Think big picture to craft an effective business continuity plan.

Data is essential for all types of organizations today, so ensuring access to mission-critical applications and data following a disaster is critical. However, business continuity and disaster preparedness are about so much more than that. In other words, you might have important apps up and running somewhere, but that doesn’t matter if your office is underwater and your employees are at home without power. You need to consider the business as a whole in order to satisfy your customers needs following a disaster event.

The first step for many businesses is to conduct a business impact analysis (BIA). Detailed instruction on conducting a BIA is outside the scope of this post, but the point is to:

  • Identify potential events that could negatively impact normal business operations,
  • Calculate the likelihood that each event may occur, and
  • Quantify the impact that the event could have on your business.

For example, if your data center is in Florida, a hurricane is a possible event; its likelihood is high (during hurricane season); and your business could be negatively impacted in a big way if downtime is significant. You get the idea. There are a wide variety of threats to any business ranging from natural disasters to security breaches to random accidents—a leaky pipe can have the same impact as a flood if it’s directly above a critical server.

Once you have that stuff sorted, you can move on to crafting specific plans for risk mitigation, disaster response and continuity of operations. In this post, you will learn four distinct but interconnected business continuity planning essentials.

1. ENSURE EMPLOYEE WELL-BEING

Communication during and following an emergency presents a variety of challenges. So, crafting an employee safety and communication plan that works is absolutely essential. The specifics will vary widely from company to company, but your emergency safety and communication plan must address the following:

  • How the company will ensure employees are safe during a disaster event; and
  • How it will communicate essential information to employees following the event.

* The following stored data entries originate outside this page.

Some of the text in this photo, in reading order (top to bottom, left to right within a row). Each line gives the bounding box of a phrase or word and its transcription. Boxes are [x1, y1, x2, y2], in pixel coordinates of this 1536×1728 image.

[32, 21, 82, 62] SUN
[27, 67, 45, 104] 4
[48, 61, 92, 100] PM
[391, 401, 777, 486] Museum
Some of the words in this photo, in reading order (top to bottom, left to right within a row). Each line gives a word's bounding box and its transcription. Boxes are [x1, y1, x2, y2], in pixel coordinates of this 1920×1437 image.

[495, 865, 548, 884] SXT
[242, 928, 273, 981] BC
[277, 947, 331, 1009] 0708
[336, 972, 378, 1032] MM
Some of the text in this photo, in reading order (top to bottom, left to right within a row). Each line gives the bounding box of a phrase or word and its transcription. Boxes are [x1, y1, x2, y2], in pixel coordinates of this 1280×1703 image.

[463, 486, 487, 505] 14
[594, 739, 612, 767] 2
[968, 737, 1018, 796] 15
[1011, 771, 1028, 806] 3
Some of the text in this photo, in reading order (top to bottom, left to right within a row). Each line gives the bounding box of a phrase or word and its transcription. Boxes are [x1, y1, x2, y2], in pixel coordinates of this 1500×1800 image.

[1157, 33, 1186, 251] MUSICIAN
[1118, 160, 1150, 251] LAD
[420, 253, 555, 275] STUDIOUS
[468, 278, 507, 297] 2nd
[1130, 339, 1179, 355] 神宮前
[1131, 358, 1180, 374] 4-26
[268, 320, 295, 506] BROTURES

The first part will depend heavily on the nature and location of your business. Safety planning for a large manufacturing facility will obviously be very different than for a small real estate office, for example. Because of this, it’s very difficult to provide specific best practices for this part of your BC/DR plan. However, the key is to match your safety plan to the specific needs of your organization.

Crafting an employee safety and communication plan that works is absolutely essential.

For the second part, you will need to first gather a variety of information and make sure that it is well documented, easily accessible and stored in a number of secure locations. This should include up-to-date employee contact information (email, mobile and home phone numbers, emergency contact information, etc.). It should also include a methodology for contacting employees.

Effective communication

Obviously, email is the easiest way to reach a large group of employees, but if your company’s email server is down, you are out of luck. Some businesses employ redundant Exchange servers or cloud-based services to ensure email access. Of course, if you are without Internet access entirely, you’ll need an alternative.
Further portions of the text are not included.